Since 2010, Worldreader has been working to improve literacy and access to reading material in developing markets. They provide free ebooks on existing local platforms, by distributing e-readers (and solar charging stations) to schools around the world, and via their Worldreader Mobile app.
“Literacy is a foundational skill essential to anyone’s lifelong success,” says Worldreader on its website. Their goal is to reach 15 million readers by 2018.
“We are grateful to play a part in creating a more literate world, and are deeply humbled to have our work acknowledged by Fast Company,” said Worldreader CEO and Co-Founder David Risher.
Other nonprofits on this year’s list include UNICEF, Black Lives Matter, the 92nd Street Y, and Humans of New York.
Worldreader works with publishers, technology companies, global foundations, local governments and other organizations to achieve its goals.
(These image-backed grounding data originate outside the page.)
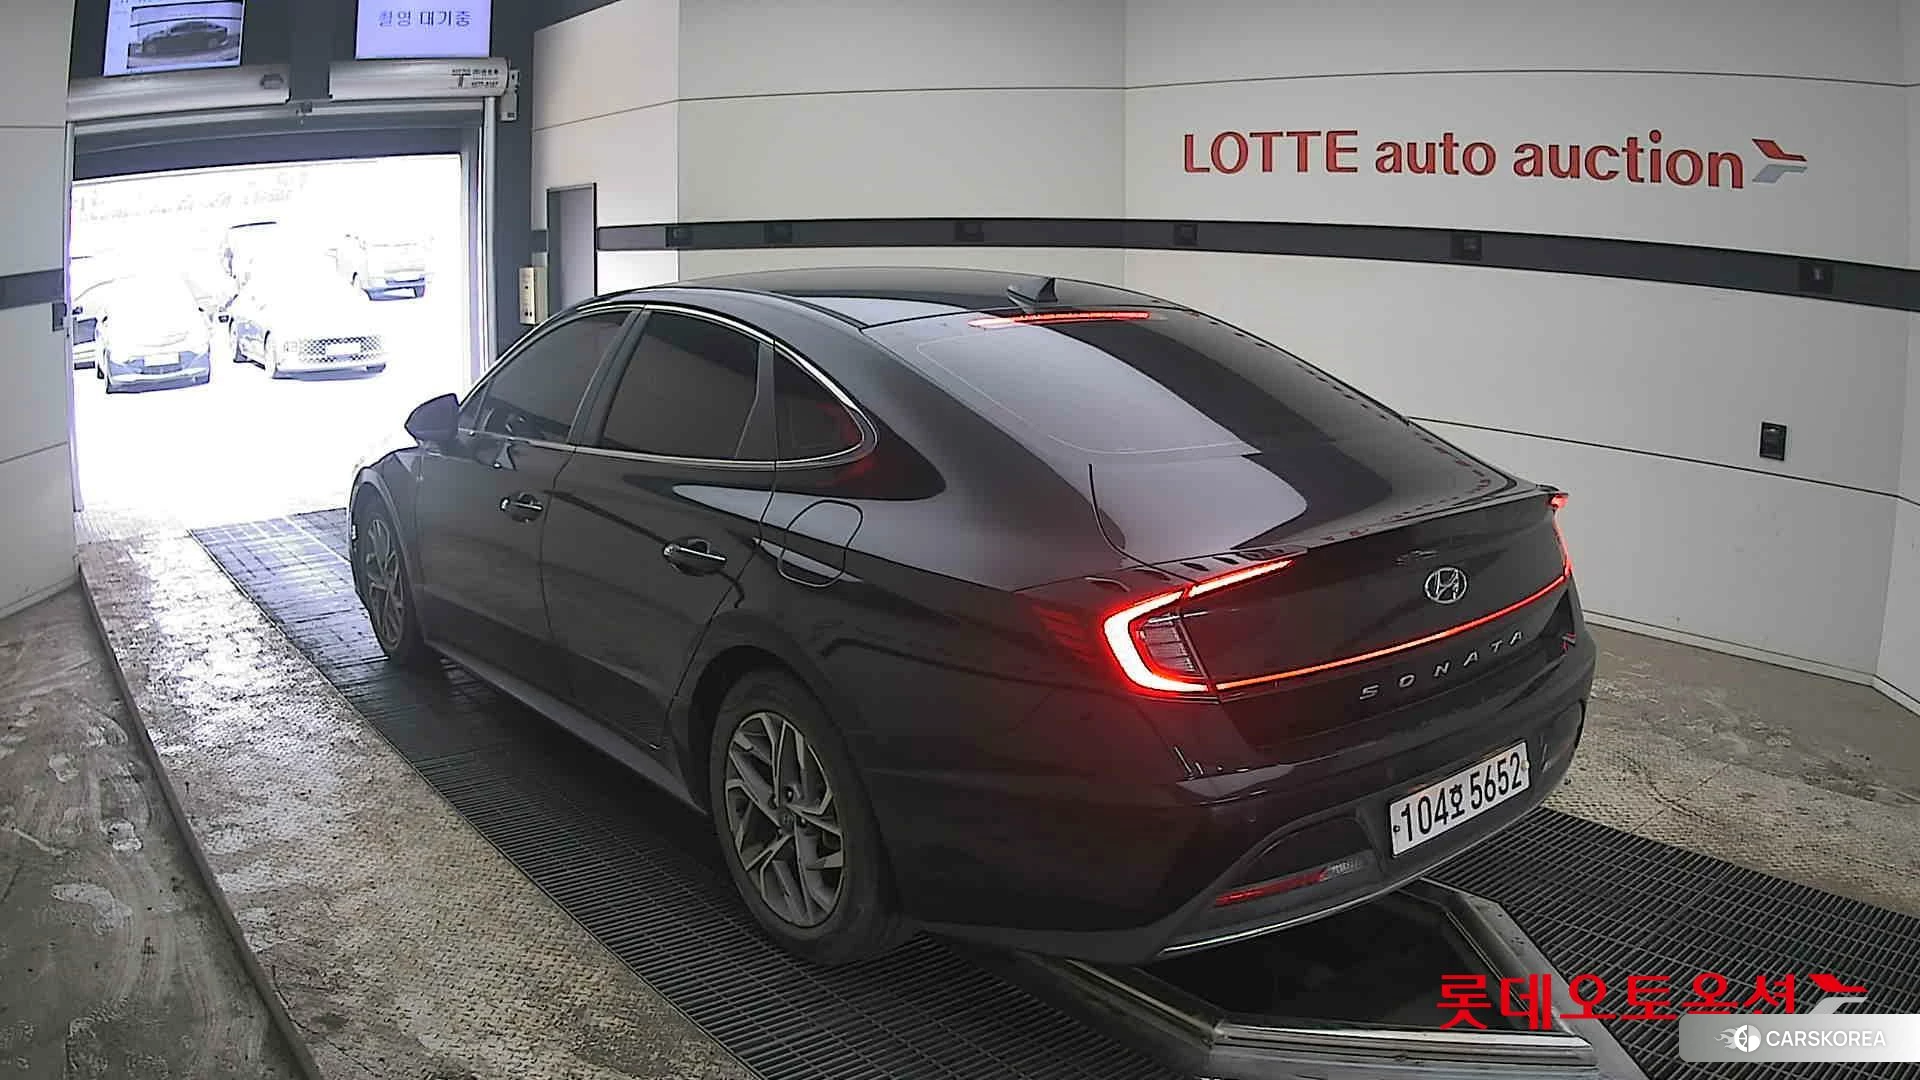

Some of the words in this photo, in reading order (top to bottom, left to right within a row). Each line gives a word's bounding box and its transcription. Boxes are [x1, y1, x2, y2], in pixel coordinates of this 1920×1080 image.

[419, 10, 472, 27] 대기중
[1184, 130, 1358, 174] LOTTE
[1375, 132, 1497, 176] auto
[1513, 131, 1744, 189] auction
[1359, 630, 1523, 700] SONATA
[1400, 783, 1466, 842] 104호
[1469, 751, 1523, 810] 5652
“Our partners are so integral to Worldreader’s impact,” the company said in a prepared statement. “Each one of them is profoundly passionate about innovating to improve people’s lives through education and technology. Together, we’re able to achieve scale and impact that is truly transformative.”
Earlier this year, Worldreader released a report on the top digital books in its library of 28,500 titles in 43 languages. According to their data, over 6 million children and adults have read for a total of 17 million hours using Worldreader apps and e-readers. The cost of reaching so many readers? Just $2 per person.
In order to curate their vast and growing library, Worldreader has partnered with leading global publishers, who donate ebooks to the platform. Worldreader also works with publishers in developing markets like Africa and India to help them digitize and translate their books and reach more readers globally.